Medication Errors



One of the most common claims for medical malpractice is medication errors. It has been estimated as the third leading cause of death in the United States. Since the process to prescribe and give medications to patients is complex and often includes many steps, there are many ways where patients can suffer due to medication error.




Most of the time, mistakes are made with dosages. If a patient is prescribed something with a low enough dosage, their condition will either stay the same or deteriorate further. On the contrary, a dosage too high could cause other side effects that could create additional conditions or injuries. In these cases, a doctor may accidentally write the wrong dosage on the prescription, the nurse could give the wrong amount to the patient, or medical machines could have technical difficulties. Additionally, a hospital setting increases the likelihood of a patient receiving medication meant for another person.

In medical malpractice cases regarding medication errors, it is important to have an idea of the setting where the medical professional works. Possible reasons for medication errors include short staffing, malfunctioning technology, or untrained pharmacy technicians.


However, there are limits to what can be considered a medical error claim. If a patient has an allergic reaction to a new medication that a reasonable doctor would not have been able to know beforehand, this would not be malpractice. Although unfortunate, treatments that are unsuccessful do not fall under the realm of medical malpractice.

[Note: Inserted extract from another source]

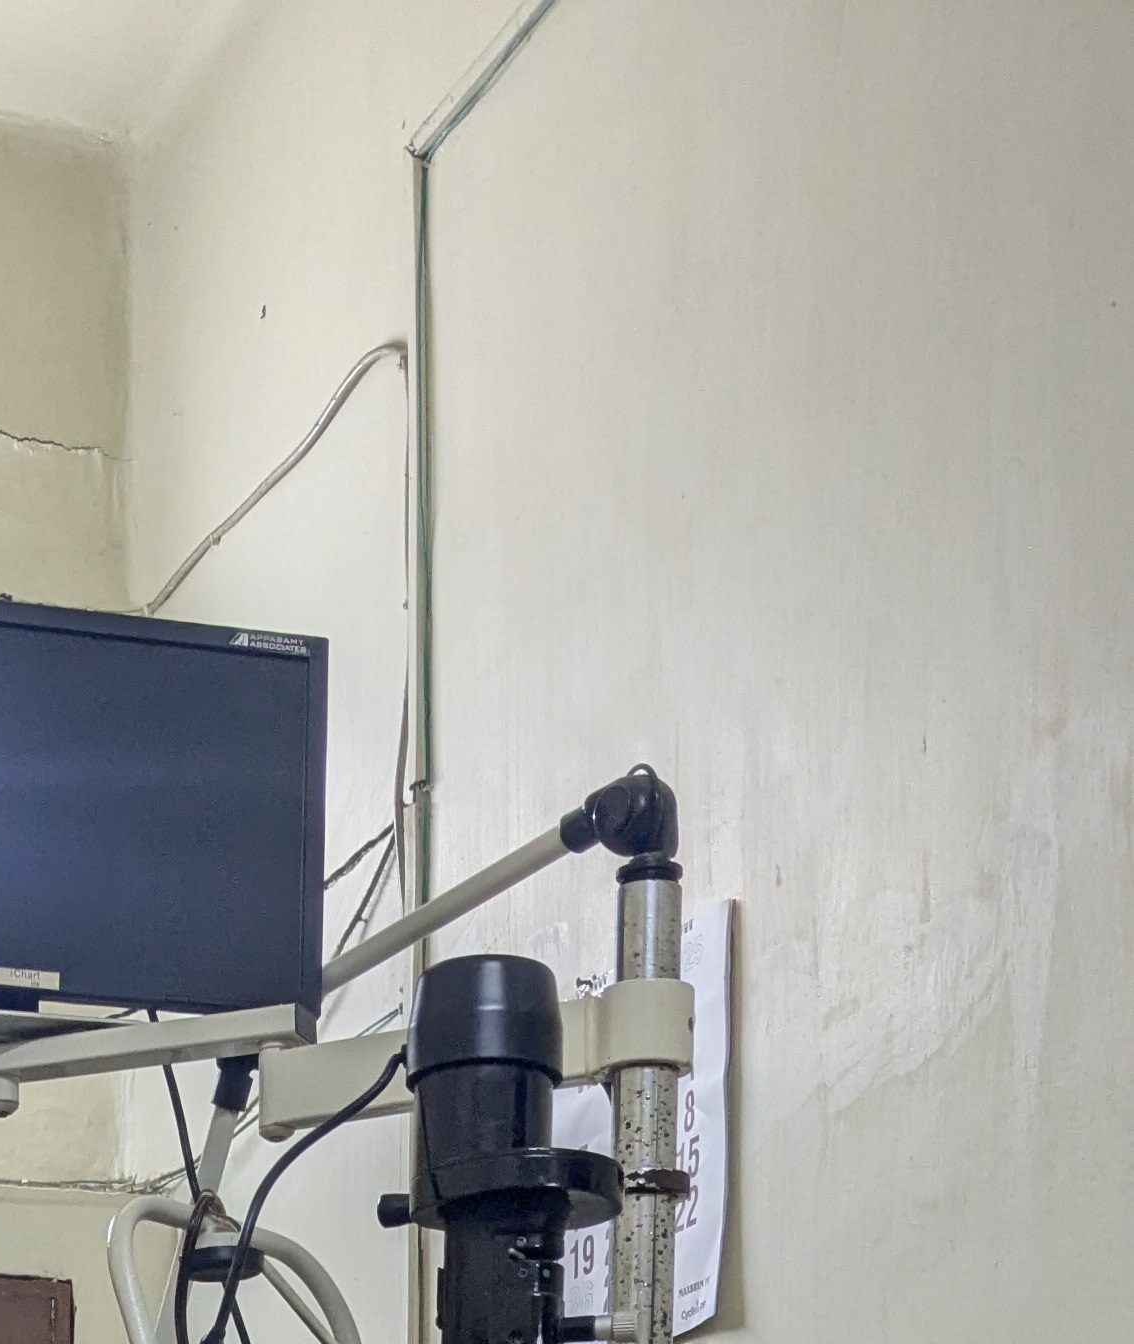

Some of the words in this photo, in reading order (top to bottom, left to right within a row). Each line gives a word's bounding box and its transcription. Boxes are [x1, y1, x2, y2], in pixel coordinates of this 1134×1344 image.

Before you consider hiring an attorney to represent your case, you must know if you are simply angry at a medical professional or if you are the victim of medical malpractice. Contact Rob Levine & Associates for a free case consultation to determine if you have a medical malpractice case.

FAQs About Your

Medical Malpractice Case

How do I know if I have a medical malpractice case?
Medical Malpractice is a form of professional negligence that can be committed by any medical professional who is involved in giving care to a patient. To prove medical malpractice, a claimant must show that a doctor-patient relationship existed, that the professional violated the standard of care, and an injury resulted from that violation.    
What is “informed consent” and how does this relate to malpractice?
In Rhode Island, informed consent refers to the conversation a medical professional has with their patient when they explain the proposed course of treatment and its risks. The physician must also offer information for alternative treatments and/or the option of not treating a specific illness. Rhode Island requires a five-part test to decide if there is validity in a medical malpractice case surrounding a lack of informed consent. This test includes: the physician’s explanation of risk was inadequate, the risk was known and withheld by the physician, the risk was a valid concern, and the injury in question was caused by this undisclosed risk.
How can a jury determine if a physician’s actions were negligent?
All medical professionals are expected to abide by a standard of care. A judge is responsible for questions of law. A juror is a trier of fact. While a jury listens to an entire trial, their job is to take the law as described to them by the judge and apply all of the facts and information that were relayed to them through testimony throughout the trial. A jury is then responsible for rendering a verdict based on the law given to them during jury instructions by the judge and their opinion a to whether or not the case presented by the plaintiff meets or exceeds the standard of law as defined by the judge of negligence by the medical professional.
What are examples of medical malpractice?
A licensed medical professional's actions that fall below the standard of care include failure to diagnose/misdiagnosis, failure to order proper testing, failure to recognize symptoms, misreading/ignoring laboratory results, surgical errors or wrong-site surgery, improper medication/dosages, unnecessary surgery, poor follow-up or aftercare, premature discharge, or disregarding or not taking an appropriate patient history.  
How much time do I have to start my case?
The statute of limitations for medical malpractice cases in Rhode Island is up to three years after the discovery of their medical condition. In Massachusetts, patients are given up to three years from the discovery date if they would not have reasonably known of the malpractice. In Connecticut, patients are given up to two years to file their case.
Do I have any medical rights?
You have the right to:
  • Access information regarding your case that is accurate, easy to understand, and in your language.
  • Access any assistance you may need to understand your medical information.
  • Be involved in decisions regarding your medical treatment.
  • Receive respectful care from any medical professional.
  • Confidentiality regarding your medical care and treatments.
  • Read and copy your medical records to ensure accuracy.
  • File a complaint against any medical staff who treats you.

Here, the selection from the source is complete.